Cuando pude recuperar el aliento traté de hablar nuevamente.

—¿Puedes soltarme? Hazlo o juro que te golpearé donde más te duele. —Amenacé con toda la furia que podía reunir. La verdad es que me encontraba cagada del miedo y esperaba que alguien pronto apareciese por el pasillo para que me sacara al corpulento hombre de encima.

Él sonrió socarrón.

—Aún mejor, eres toda una fierecilla. Me gusta más.

La irritación realmente nació de mí, y traté de zafarme de su agarre con todas mis fuerzas.

—¿Eres idiota de nacimiento o tu estupidez es intencionada? La primera se puede justificar, la segunda solo demuestra que eres uno más de los idiotas sexistas que hay en este lastimero mundo.

«¿Qué diablos le sucede? ¿Quién se creía?». La mandíbula le cayó desencajada ante el impacto de mis palabras. Luego soltó una risotada, hipnotizado al parecer.

—Joder, sí que eres mejor de lo que esperé.

—Deja de hablar de mí como si fuese un objeto vacío. —Apreté la mandíbula. Me dolía respirar, el corazón se me quería salir del pecho.

—Esa lengua viperina empieza a carcomerme vivo, ¿qué más puedes hacer con esa boquita mordaz? —Se relamió los labios.

Me quedé boquiabierta. Mis mofletes se calentaron rabiosos. Con toda mi potencia reunida me solté de su enganche y empujé su cuerpo, aunque fue en vano debido a que no se movió ni un centímetro.

—Haz lo que desees, pero me correspondes. Estamos hechos para estar el uno para el otro, no entiendo cómo es que no lo sabes. —Discutió con él mismo. Dio un paso atrás y rascó su cuero cabelludo con la mano derecha. Yo le quería meter la mía entre los dientes, con mucha fuerza. Yo enojada olvidaba el miedo.

Me recompuse, traté de estar en guardia y le hice frente.
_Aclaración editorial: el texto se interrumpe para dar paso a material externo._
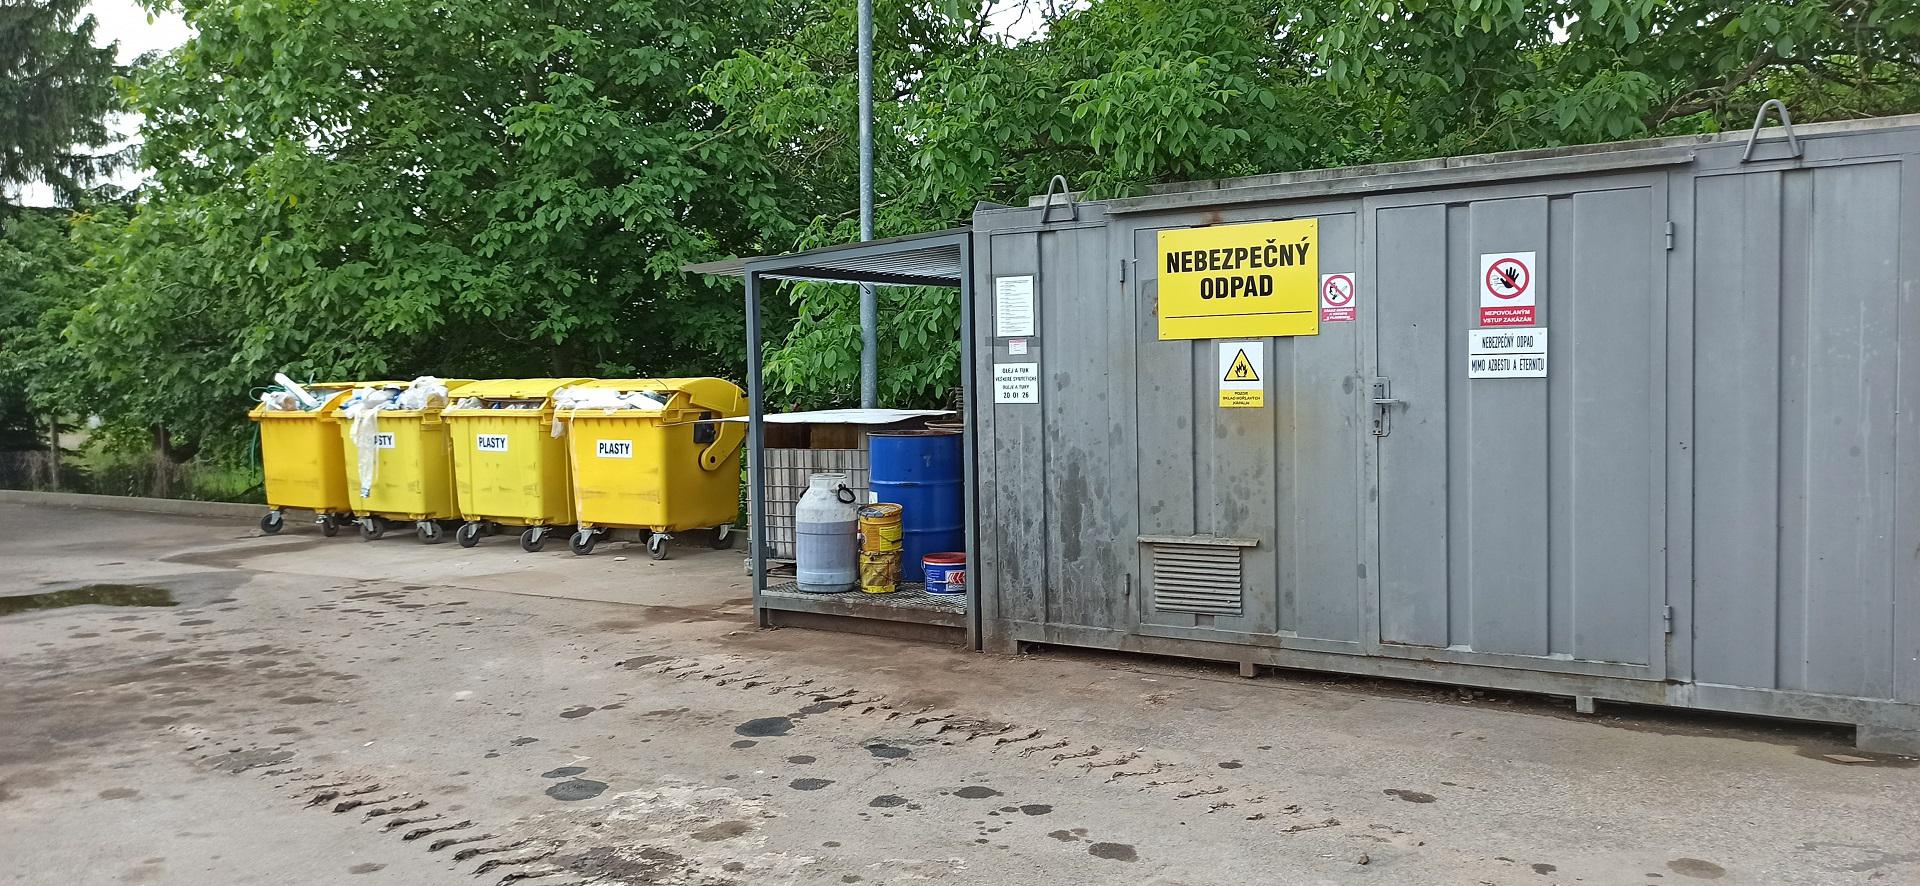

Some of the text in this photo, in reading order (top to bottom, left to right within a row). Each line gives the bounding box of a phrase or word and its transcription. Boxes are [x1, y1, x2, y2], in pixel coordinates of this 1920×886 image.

—¿De dónde carajos vienes? Yo no soy tuya y agradecería que me dejaras ir. Es más, lárgate de mí puto taller antes de que grite para que alguno de los muchachos te saque a patadas. O bien puedo hacerlo yo, tú decides.
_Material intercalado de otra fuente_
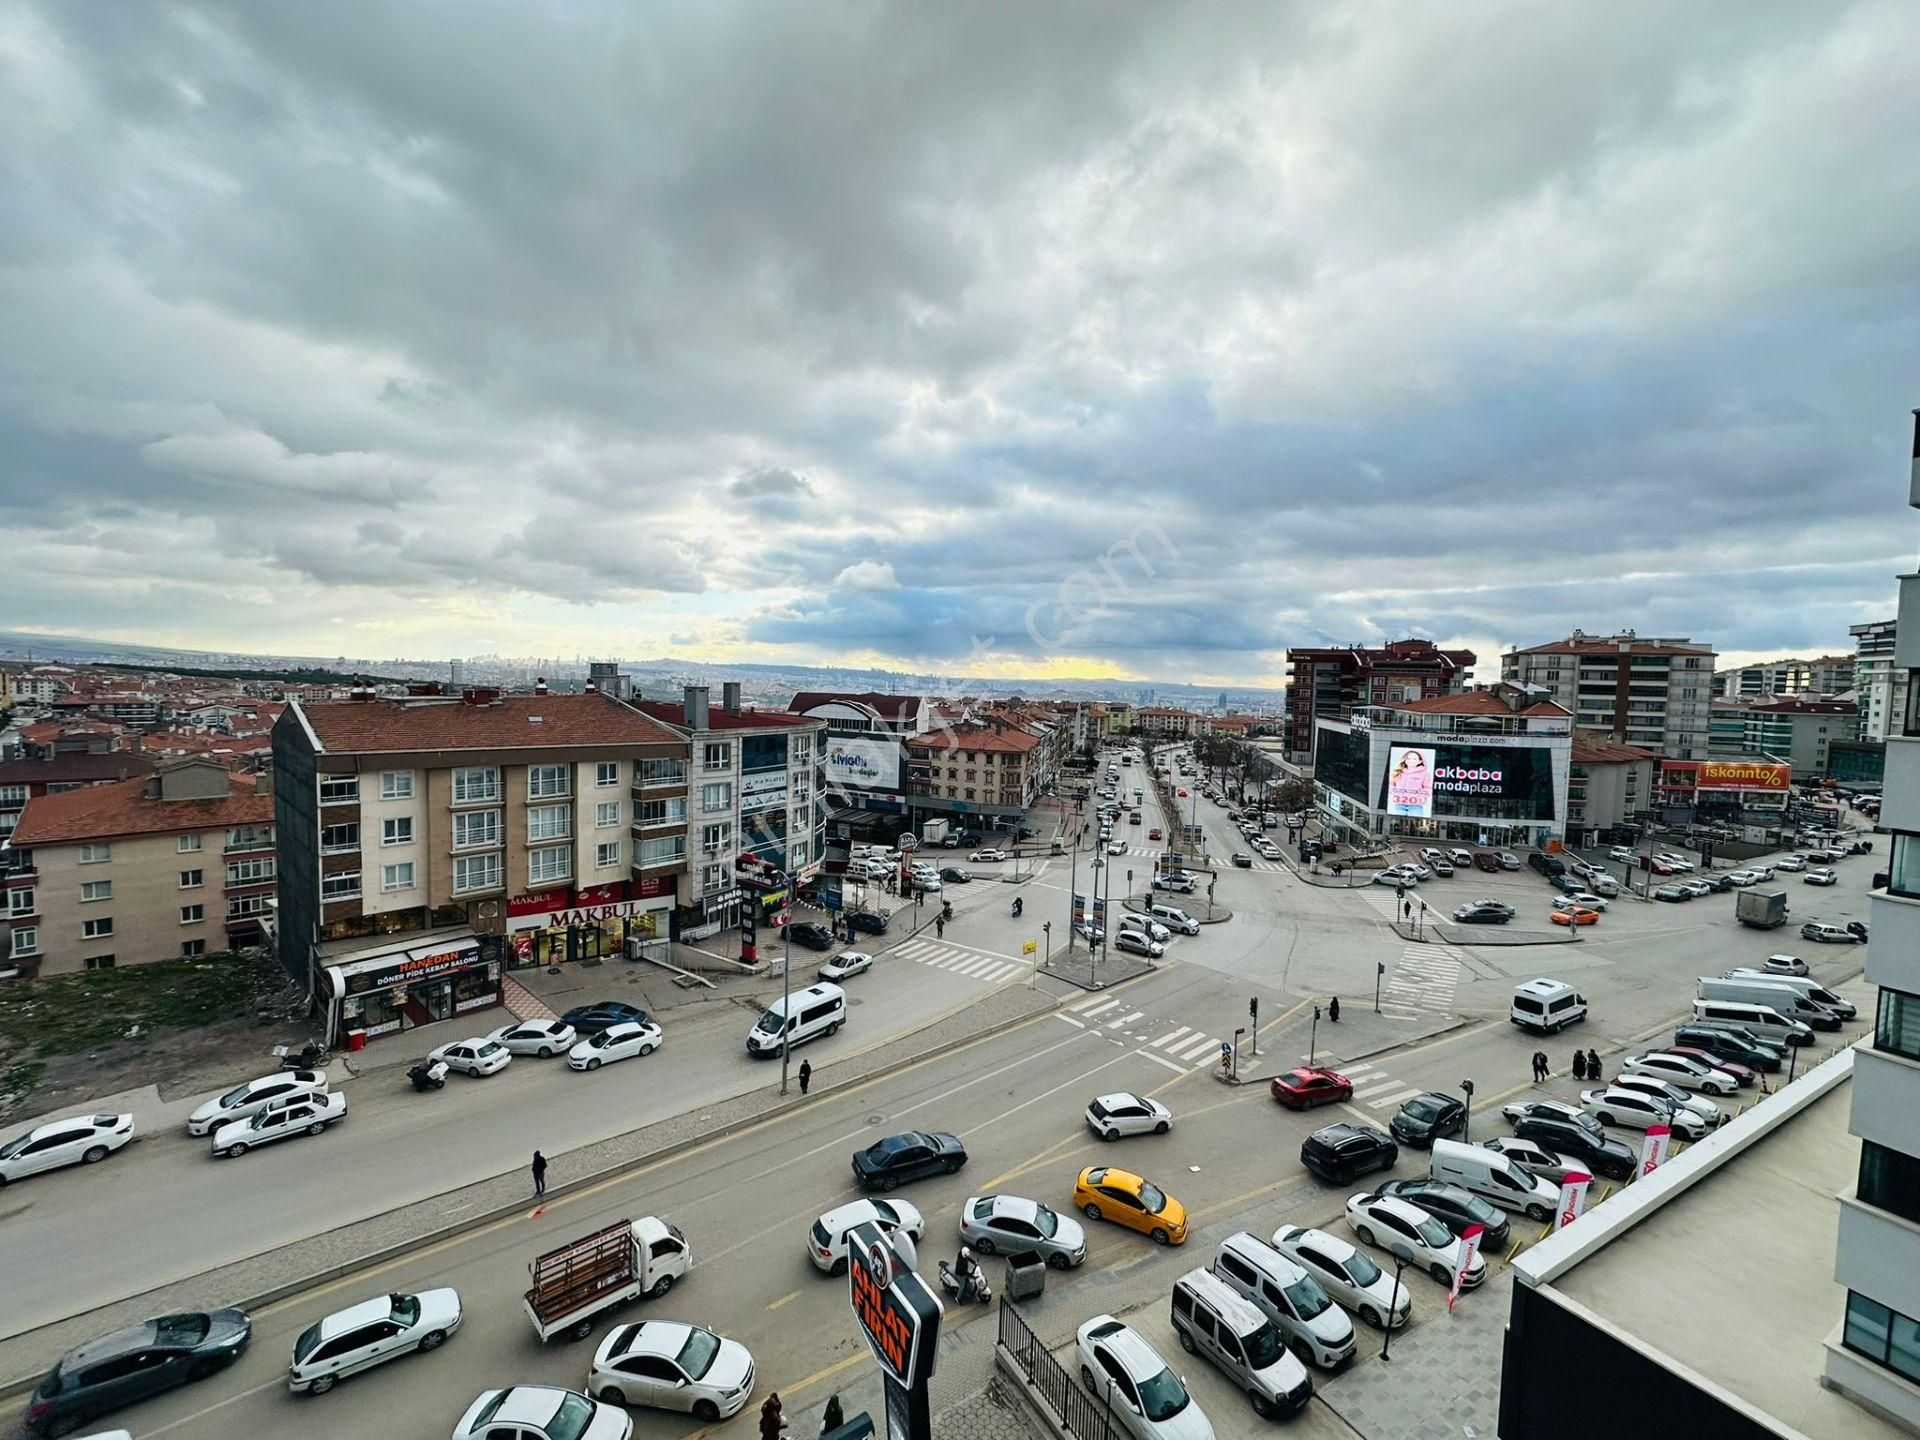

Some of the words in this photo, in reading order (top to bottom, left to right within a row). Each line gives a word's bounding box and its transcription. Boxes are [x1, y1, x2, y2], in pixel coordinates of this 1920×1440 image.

[1434, 766, 1503, 782] akbaba
[1433, 782, 1503, 795] modaplaza
[717, 890, 742, 902] emla
[549, 902, 640, 928] MAKBUL
[377, 973, 405, 986] DÖNER
[406, 968, 424, 979] PİDE
[425, 961, 450, 975] KEBAP
[450, 955, 480, 967] SALONU
[399, 951, 460, 973] HANEDAN
[851, 1257, 911, 1350] AHLAT
[853, 1284, 904, 1374] FIRIN
Negó, entretenido. Chasqueó la lengua mientras me señalaba con su largo índice.

—Escucha, tal vez no entiendas por ahora pero nosotros somos...

Fue interrumpido por un muchacho —de cabello rubio, ojos azules. Parecía un prototipo de Ken, el de Barbie— que corría apresurado hacia nosotros. El espécimen que tenía adelante de mí, soltó un gruñido y maldijo a lo bajo.

—¡Tadd! —masculló molesto el recién llegado—. La estás asustando, maldita sea.

El chico, que era un poco más bajo que el dichoso Tadd, tomó del hombro al semental, permitiéndome tranquilidad por unos instantes. Le agradecí a Ken con la mirada.

Se fueron a unos cuantos metros a hablar, más bien a discutir, pero en tono prudencial.

—Pero ella debe de saber que... —Se excusó, frenético. Ken obstaculizó la oración del ojo verde.

—No así, demonios —masculló, impaciente.